No decorrer do segundo dia do julgamento os trabalhos fluíram com bastante tranqüilidade. Todas as seis vítimas ouvidas testemunharam com muita precisão e detalhes os acontecimentos ocorridos entre os dias 11 e 13 de janeiro de 2003. Impressiona como, depois de nove anos, as testemunhas se referiam aos fatos como se “tivessem ocorrido ontem”, afirma Adelcia Martins Verón, cujo depoimento foi em Guarani com o tradutor Tonico Benites.


Foram mais de três horas em que ela não apenas narrou o que ocorreu naqueles dias como respondeu a todas as indagações: as dos procuradores da acusação e dos advogados de defesa. O momento de maior emoção se deu quando a depoente chorou ao narrar o ataque dos fazendeiros e seus capatazes, que “fortemente armados”, agrediram brutalmente os Kaiowá acampados.


A platéia ora cheia - ora esvaziada, fez parte do cenário. Do lado esquerdo, os Kaiowá tiveram presença permanente. À direita, os familiares dos réus e dos fazendeiros.

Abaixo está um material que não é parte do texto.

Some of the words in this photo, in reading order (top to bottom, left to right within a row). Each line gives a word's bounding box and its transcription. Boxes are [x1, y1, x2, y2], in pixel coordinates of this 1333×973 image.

Permeados nessa platéia estavam jornalistas e estudantes de direito, os quais se mostraram sensíveis aos parentes e testemunhas Kaiowá.

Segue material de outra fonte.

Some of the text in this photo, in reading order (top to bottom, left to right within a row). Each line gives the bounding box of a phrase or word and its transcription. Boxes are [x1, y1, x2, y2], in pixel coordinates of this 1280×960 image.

Atrás dos procuradores de acusação e dos advogados de defesa estão duas grandes fotografias de Marcos Verón, uma com pintura e outra sem, que evidenciam o rosto e o olhar marcantes. As testemunhas depunham de frente ao retrato do cacique. Do lado das testemunhas, sentadas, estavam os três réus Carlos, Jorge e Estevão.


Um momento de tensão para as testemunhas foi quando a juíza Federal Paula Mantovani e os procuradores de acusação pediam que olhassem para o lado esquerdo e reconhecessem os acusados do assassinato. Algumas pessoas, no fundo da platéia, até mesmo se levantavam para acompanhar qual seria a resposta. Outros, comentavam o olhar de penumbra dos advogados de defesa.


No público, destacou-se a presença de Antônio Mendonça, do povo Xucuru de Ororubá que esteve em todos os momentos, desde o primeiro dia de julgamento. Ainda, no segundo dia, um grande grupo do povo Pankararé, acrescido da cacique Alaíde foram prestar solidariedade aos parentes. Alaíde estava comovida com a situação, inclusive por se lembrar de seu pai, Ângelo Pereira Xavier que na década de 1980 também foi violentamente assassinato em sua região, na Bahia.

Outra testemunha foi Geisabel Verón, filha de Marcos Verón, que relatou: “eu estava grávida e eles riam de nós”. Durante sua fala, ela olhou para os réus e apontou Jorge e Estevão como participantes do crime.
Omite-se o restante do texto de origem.